## WHAT YOU SHOULD DO
Every line in the data below has to be repeated exactly; no picture belongs in the result.

## DATA LISTING

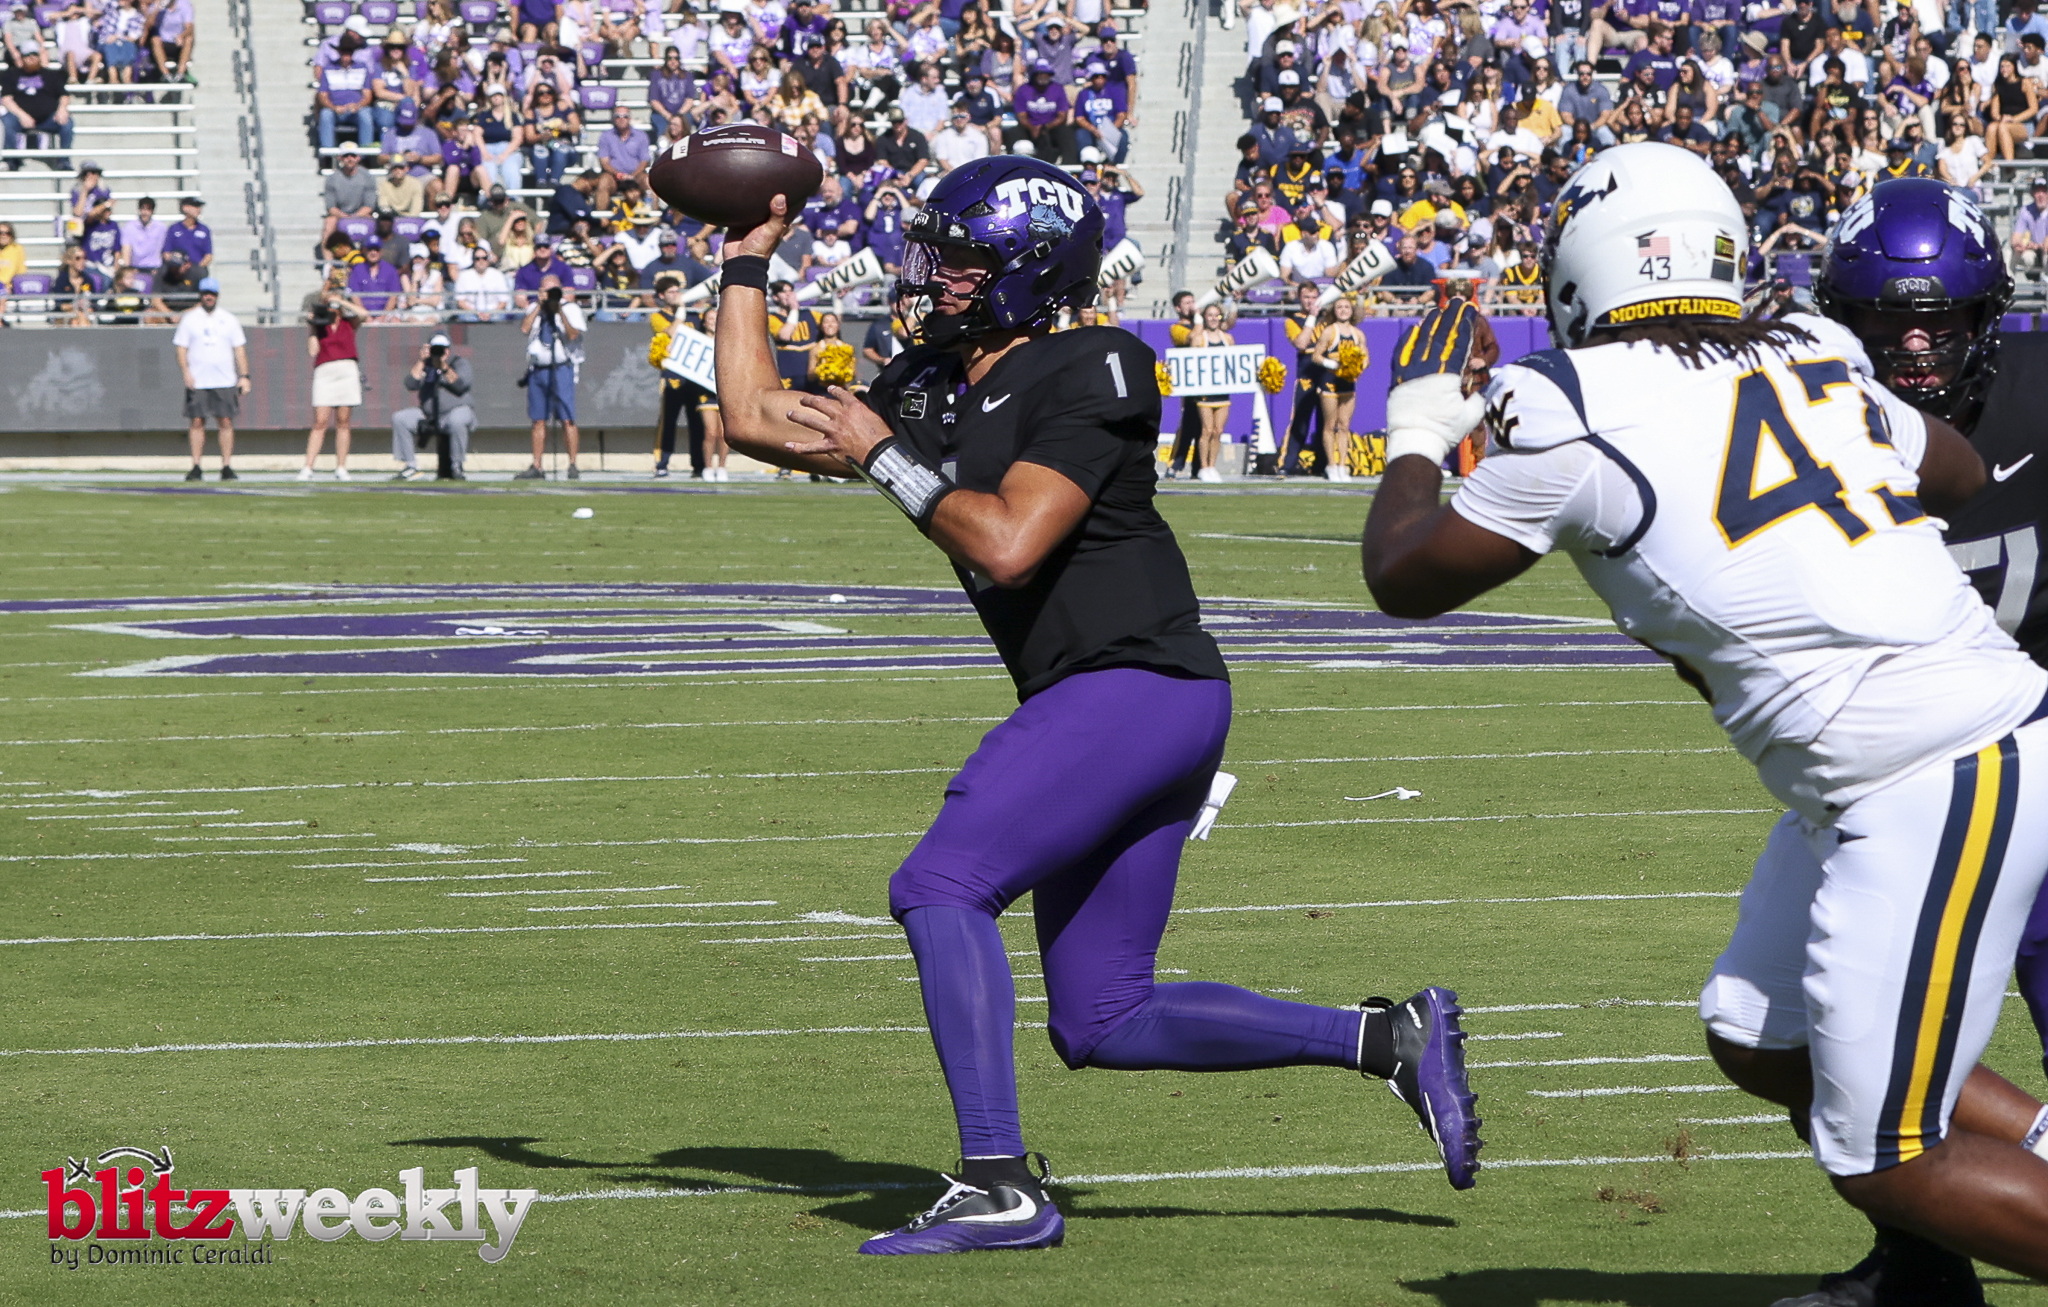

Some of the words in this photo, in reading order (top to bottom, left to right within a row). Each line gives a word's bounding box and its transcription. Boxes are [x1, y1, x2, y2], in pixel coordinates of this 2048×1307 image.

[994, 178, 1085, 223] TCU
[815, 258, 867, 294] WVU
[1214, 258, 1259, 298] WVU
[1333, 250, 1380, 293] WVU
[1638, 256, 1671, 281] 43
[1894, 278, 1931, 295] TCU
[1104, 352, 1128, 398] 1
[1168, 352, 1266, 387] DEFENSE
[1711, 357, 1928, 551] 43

## REPLY
Some of the words in this photo, in reading order (top to bottom, left to right within a row). Each line gives a word's bounding box and its transcription. Boxes are [x1, y1, x2, y2], in pixel coordinates of this 2048×1307 image.

[994, 178, 1085, 223] TCU
[815, 258, 867, 294] WVU
[1214, 258, 1259, 298] WVU
[1333, 250, 1380, 293] WVU
[1638, 256, 1671, 281] 43
[1894, 278, 1931, 295] TCU
[1104, 352, 1128, 398] 1
[1168, 352, 1266, 387] DEFENSE
[1711, 357, 1928, 551] 43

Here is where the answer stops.